Published November 1, 2001

In a continuing effort to give employees more control over their health insurance coverage, defense contractor Raytheon Co. has chosen Definity Health as its insurance provider, becoming another in a growing list of employers offering defined-contribution health benefit plans.

Minneapolis-based Definity Health also provides coverage for Aon Corp. of Chicago, Ridgeview Medical Center of Wackonia, Minnesota, and the University of Minnesota, among others.

Starting in January 2002, Lexington, Massachusetts-based Raytheon will offer its approximately 26,000 employees in Texas and Arizona the defined- contribution-style plan managed by Definity Health. The program is designed to give employees greater freedom to choose the doctors and types of care they want. Employees also will receive information on wellness, prevention, and treatment, as well as data on pricing and the quality of local health care service providers.

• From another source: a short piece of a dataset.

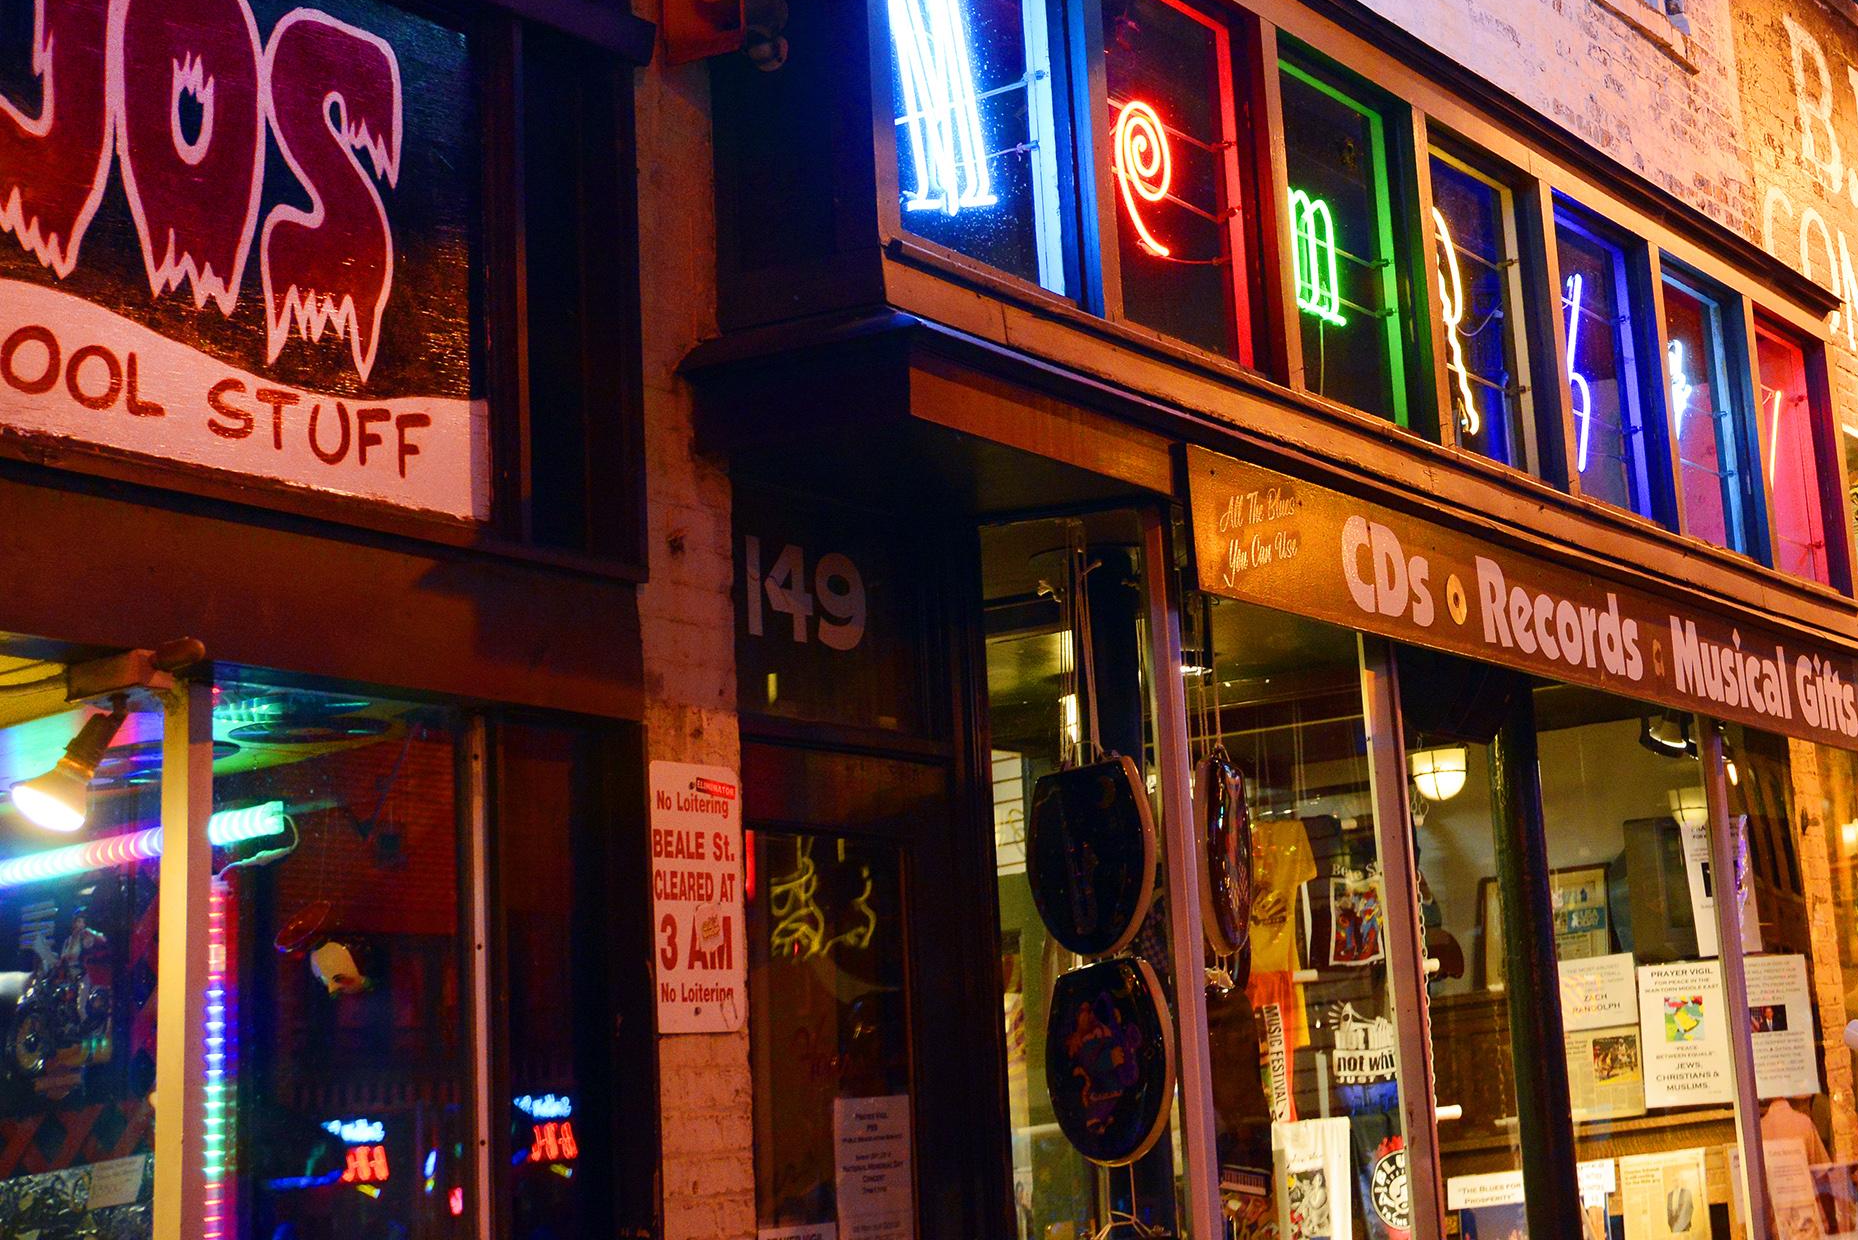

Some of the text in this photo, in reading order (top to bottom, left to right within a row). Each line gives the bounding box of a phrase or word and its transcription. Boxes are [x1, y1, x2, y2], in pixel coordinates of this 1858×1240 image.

Under the plan, employees choose their health care services and pay for them out of individual Personal Care Accounts, funded by employers at a set amount each year. Funds remaining in the account at the end of the year are rolled over for use in subsequent years.

The funding level for the accounts of Raytheon employees who choose the Definity Health option will vary depending on regional health care costs, in order to keep per-employee costs consistent across the company, a Raytheon spokeswoman said. She also noted Raytheon will continue to offer employees its other health plan options, including a point-of-service plan and health maintenance organization. Next year, Raytheon will add a preferred provider organization option.

Health Care A La Carte

Across the country, a growing number of employers are using the 401(k) concept for employee health benefits: They’re depositing their health insurance budget into flexible spending accounts and letting employees direct how the funds are used, just as they do their retirement investments.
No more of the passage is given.